Testing AMD's Giant MI300X
Hardware performance and pricing
- Commenters see MI300X as very strong hardware, especially on memory bandwidth and LLM inference, with some specific weaknesses (e.g., global atomics).
- It appears competitive with NVIDIA’s H100 for inference, though not clearly for training or versus newer parts (H200/B100).
- Rumored pricing (~$15–20k, NDA in practice) plus large VRAM (192 GB) leads many to think AMD can significantly undercut NVIDIA while remaining profitable.
CUDA moat and software ecosystem
- The dominant theme is that CUDA and NVIDIA’s software stack are the real moat.

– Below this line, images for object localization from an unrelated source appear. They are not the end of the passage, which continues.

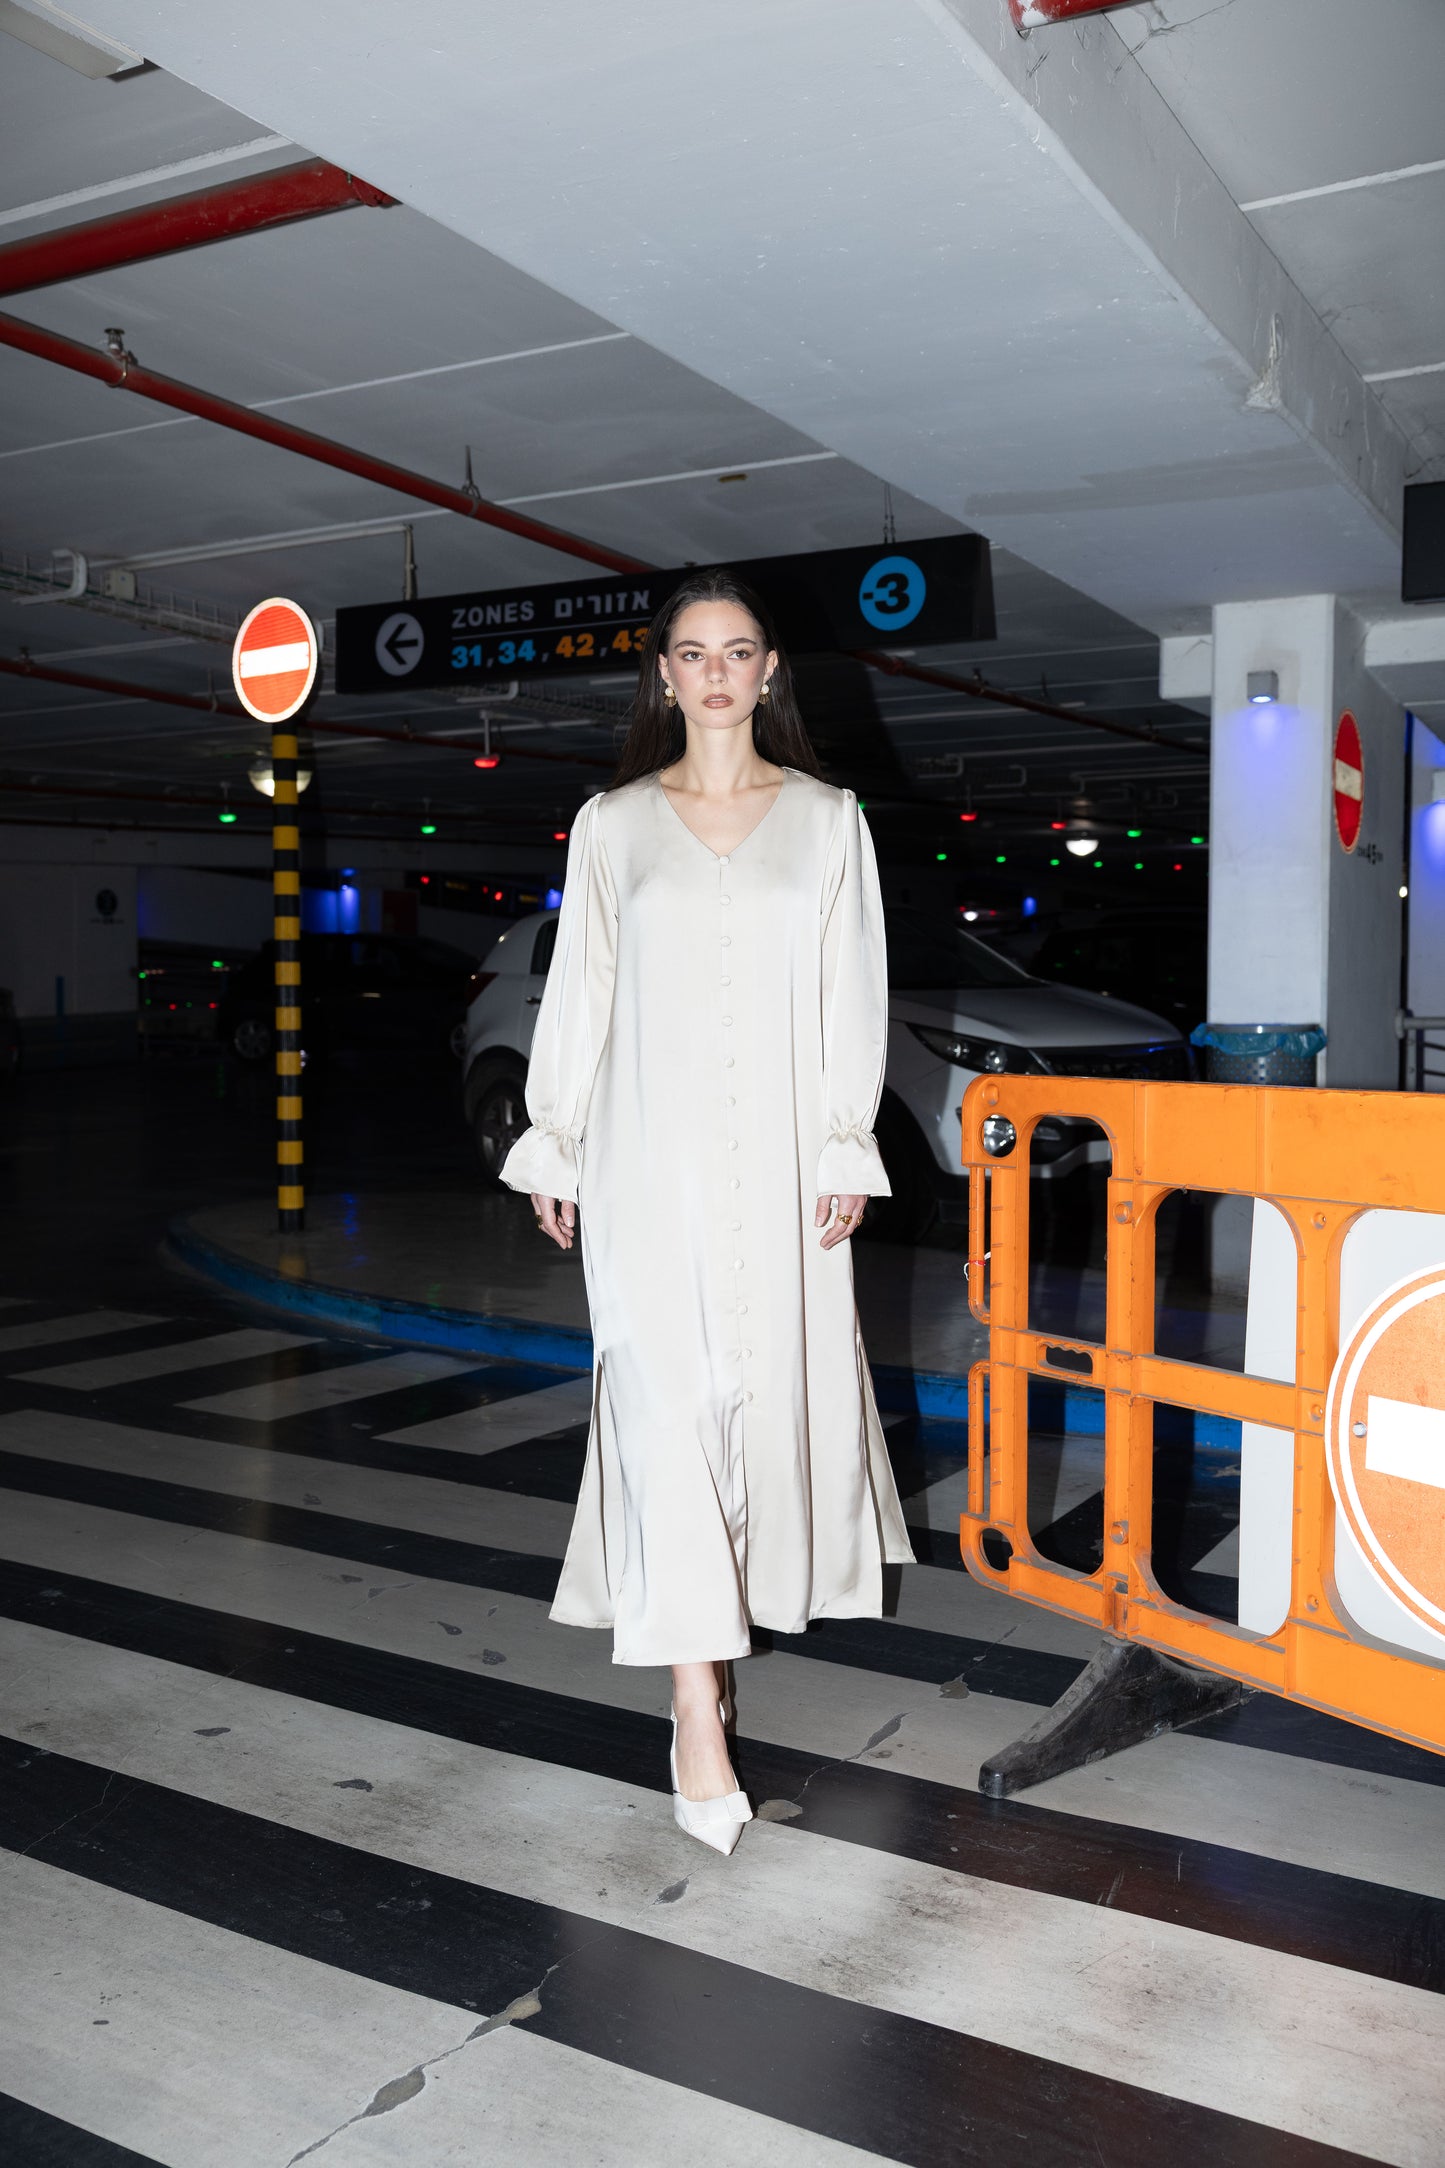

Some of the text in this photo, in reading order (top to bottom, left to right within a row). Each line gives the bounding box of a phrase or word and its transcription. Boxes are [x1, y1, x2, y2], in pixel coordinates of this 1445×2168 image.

[554, 589, 650, 619] אזורים
[863, 573, 910, 614] -3
[451, 601, 535, 628] ZONES
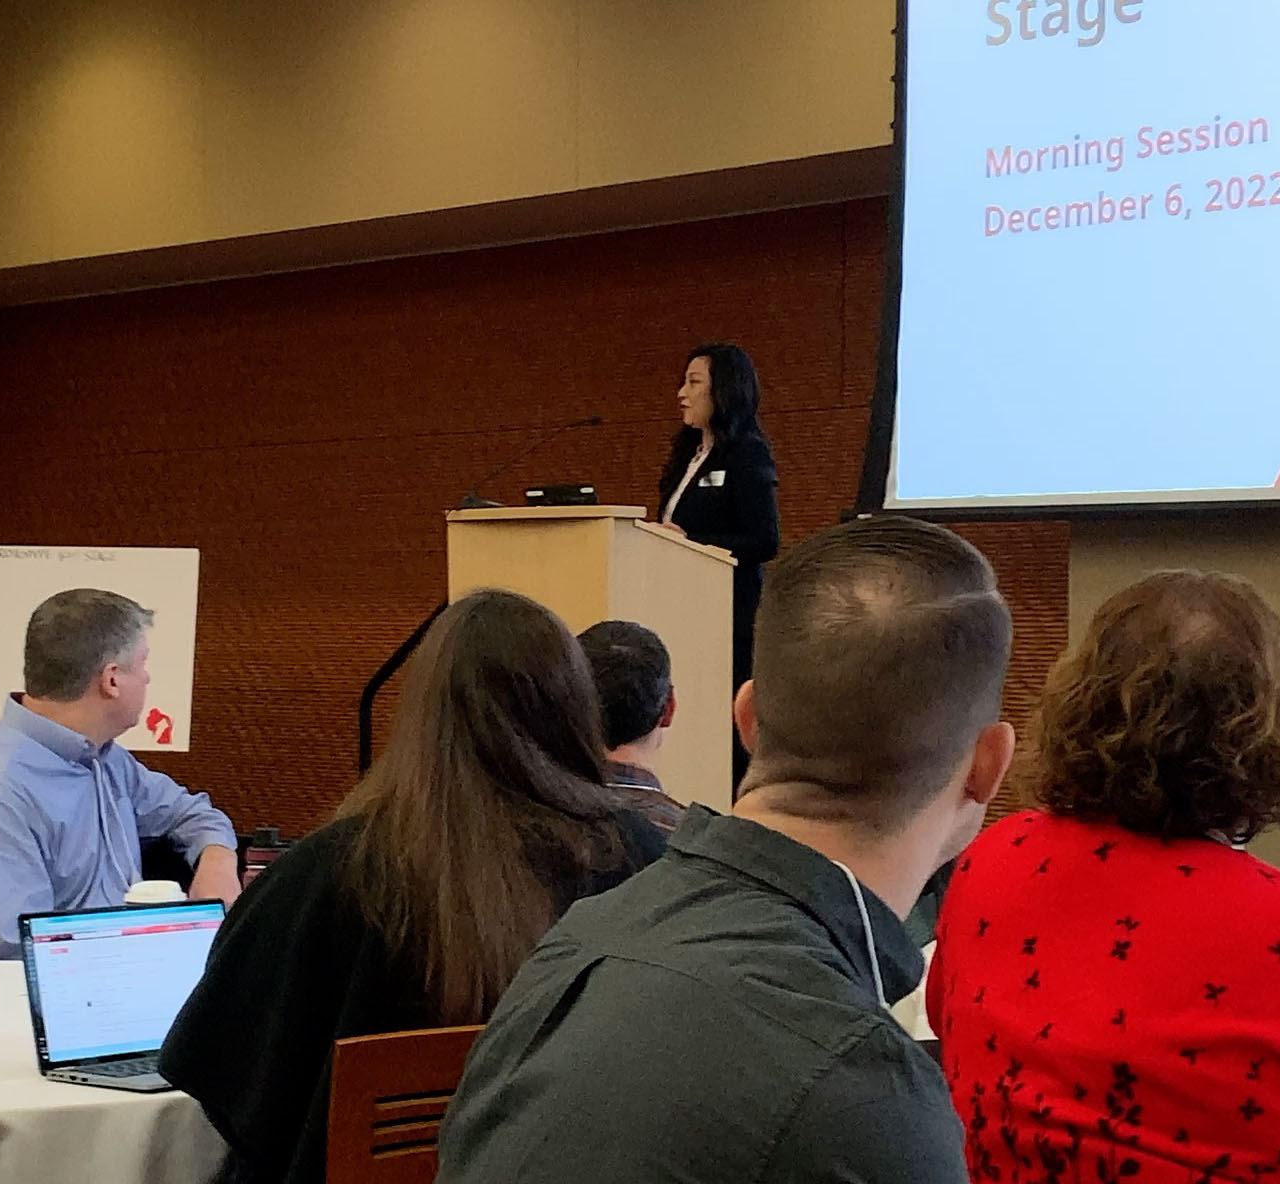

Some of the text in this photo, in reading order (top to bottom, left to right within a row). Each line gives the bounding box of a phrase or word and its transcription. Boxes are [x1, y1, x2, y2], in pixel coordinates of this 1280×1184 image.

[985, 0, 1143, 47] Stage
[985, 114, 1269, 178] Morning Session
[984, 190, 1154, 237] December
[1164, 183, 1192, 220] 6,
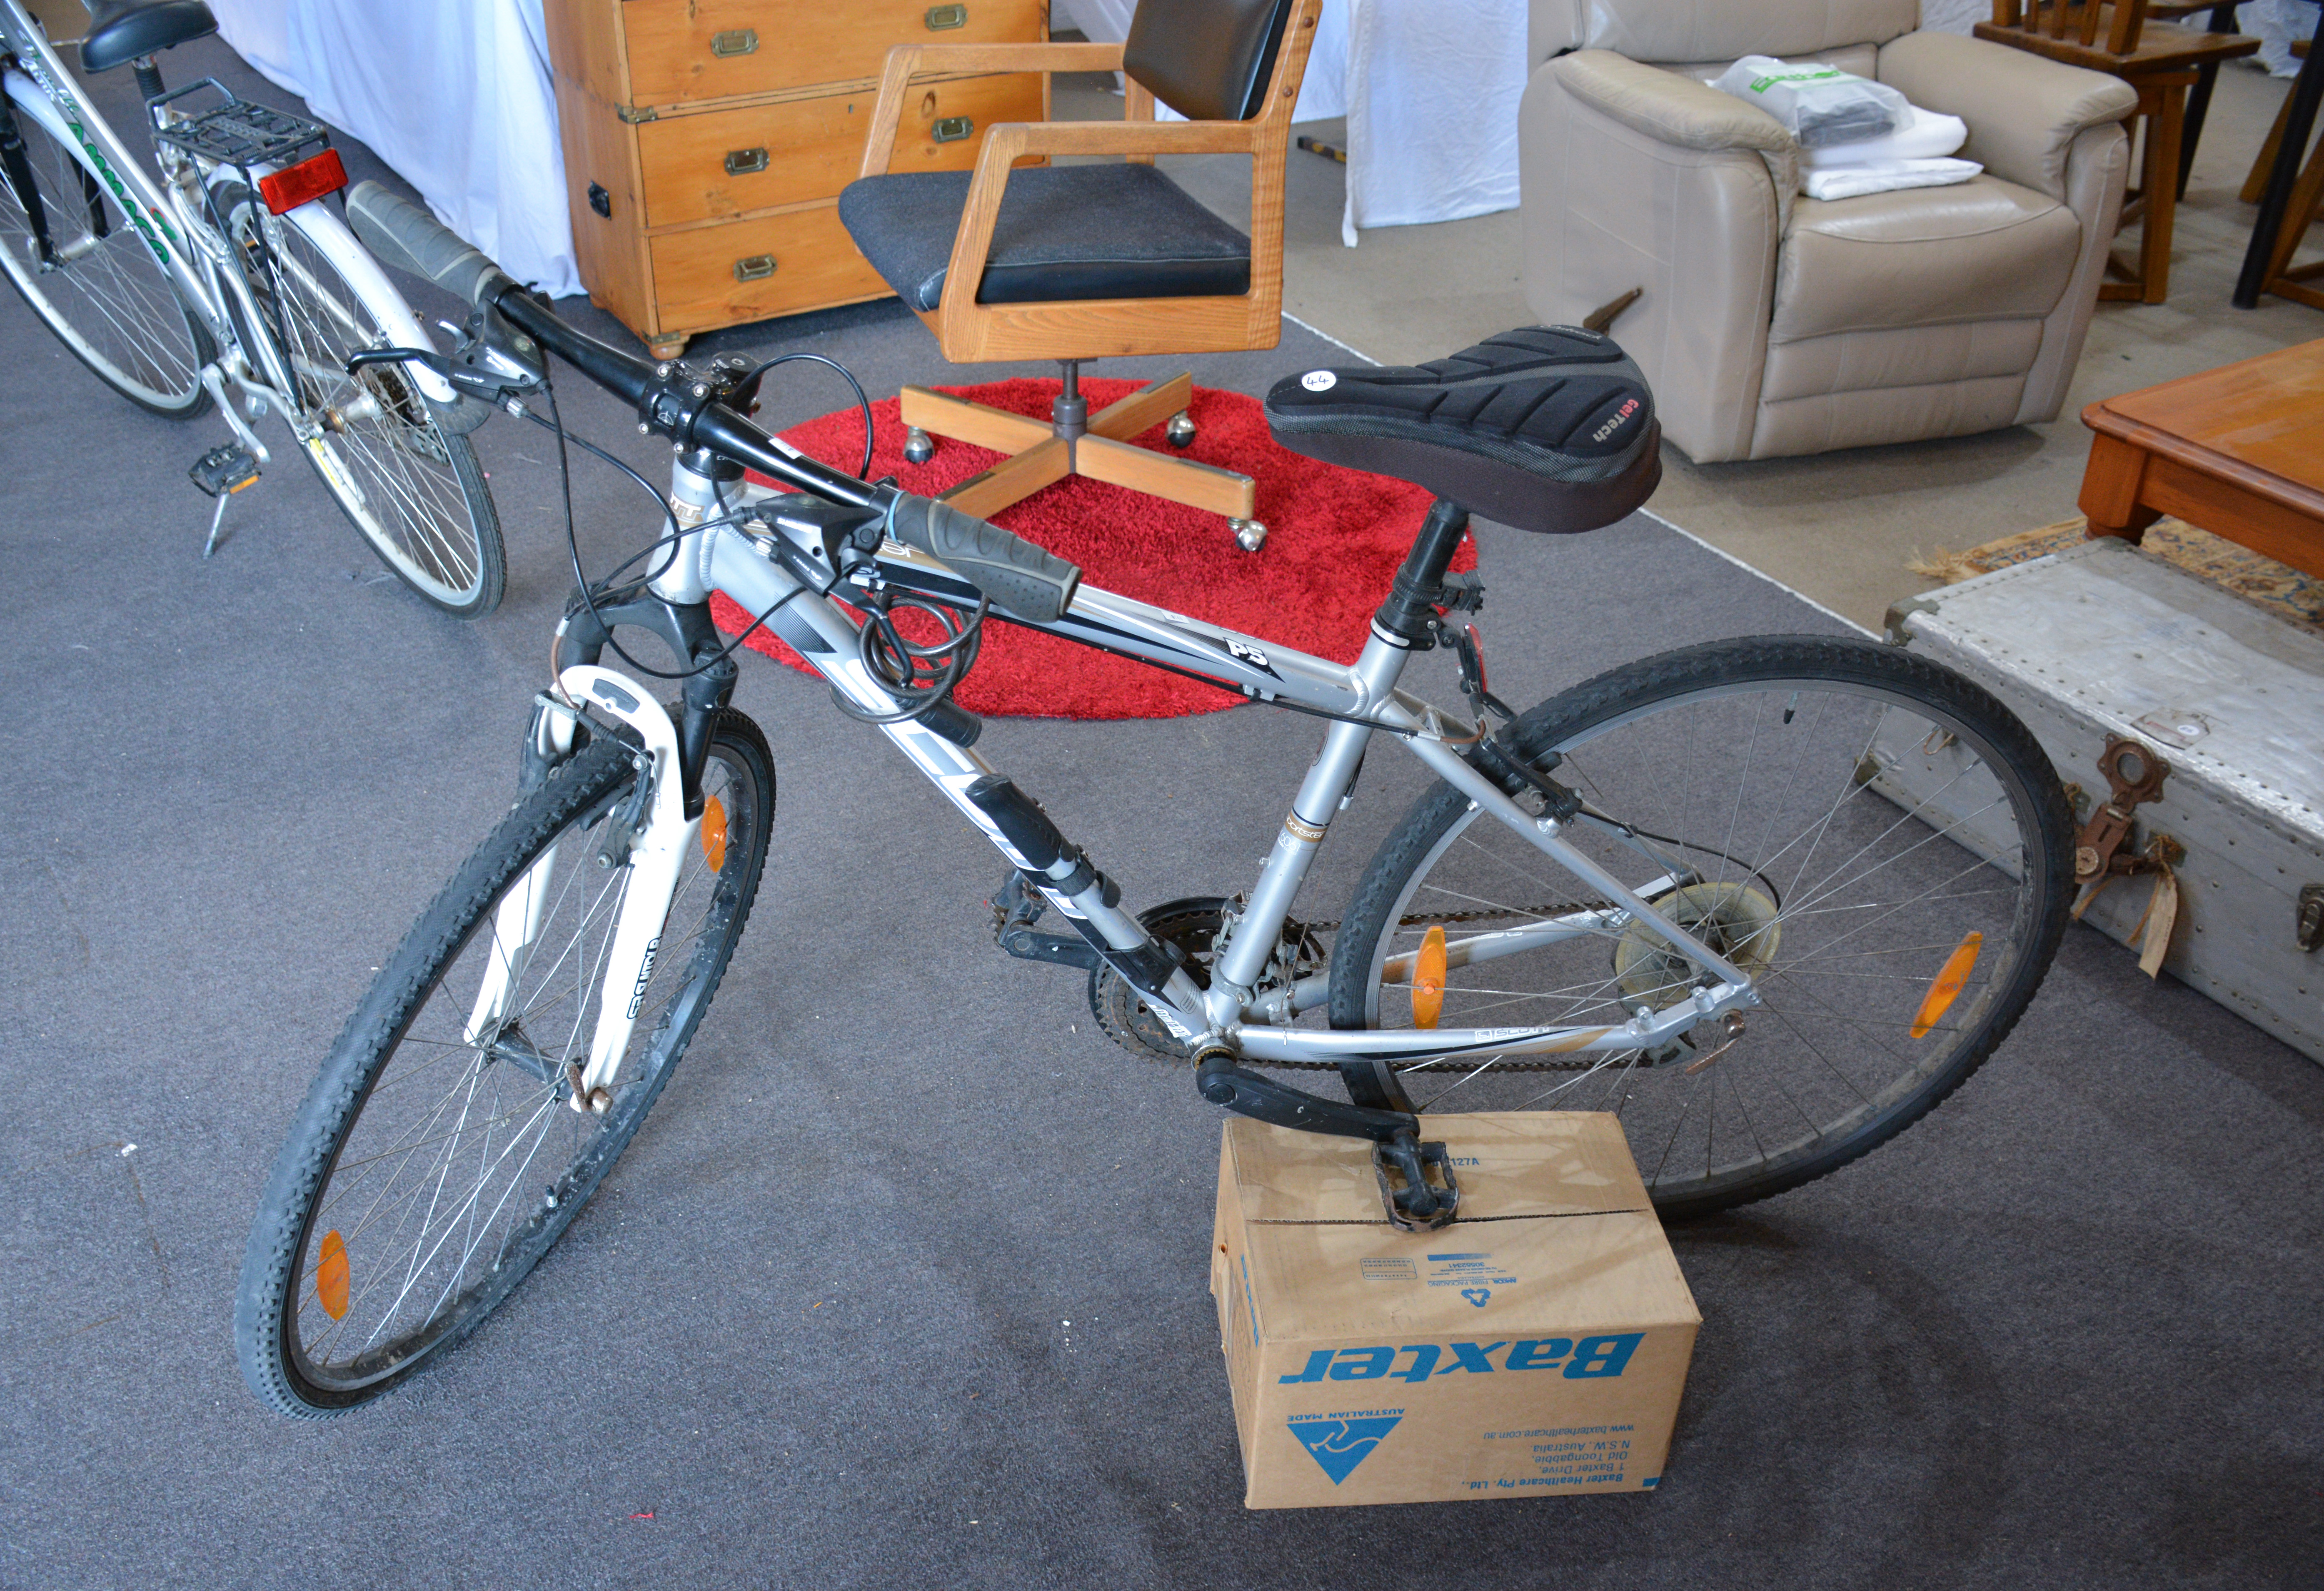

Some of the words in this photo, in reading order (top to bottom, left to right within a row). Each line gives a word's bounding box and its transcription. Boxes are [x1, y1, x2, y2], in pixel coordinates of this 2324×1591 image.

- Many say CUDA’s maturity, stability, tooling, and huge ecosystem make switching costly; AMD’s repeated API resets in the past have damaged trust.
- For most ML users, high-level frameworks (PyTorch, JAX, TensorRT-LLM, vLLM) hide CUDA, but those frameworks themselves tend to be CUDA-first.
ROCm and AMD software quality
- ROCm is widely described as immature, flaky, or “spotty,” especially on consumer GPUs; it works better on carefully supported HPC setups.
- Some report successful training on AMD with PyTorch, others recount severe instability and poor tooling.
- Several posts argue AMD historically treated software as a cost center, with leadership heavily hardware-focused and defensive about software weaknesses.
Strategy and market positioning
- One view: AMD correctly targets hyperscalers and HPC, where customers can afford engineers to patch around software gaps and care most about TCO.
- Opposing view: ignoring hobbyists/academia and not flooding the market with cheaper, large-VRAM cards cedes mindshare and deepens CUDA lock-in.
- Debate over whether AMD’s financial history (near-bankruptcy a decade ago) justifies the slow software buildup.
Ecosystem, evangelism, and developer access
- Multiple commenters stress the need for better evangelism, easy trial access (e.g., “Colab-like” with minimal bureaucracy), and clear compatibility matrices.
- A hosting provider loaning MI300X systems for benchmarking and free compute is praised as a good way to bootstrap a developer flywheel.
- There is interest in CUDA-to-AMD translation layers (HIPIFY, ZLUDA) and portable models (SYCL, Triton, Modular), but support is still uneven.
Use cases, benchmarks, and limits
- LLM inference discussion centers on bandwidth-limited tokens/sec; a simple model shows ~37 tokens/s for LLaMA 3 70B on a single MI300X, higher with batching.
- Some explore potential in production rendering and unified CPU–GPU memory (MI300A APU), as well as home/desktop setups, but VRAM and cost remain major constraints.
- Several call for more realistic multi-GPU, high-batch, concurrent-request benchmarks for LLM inference.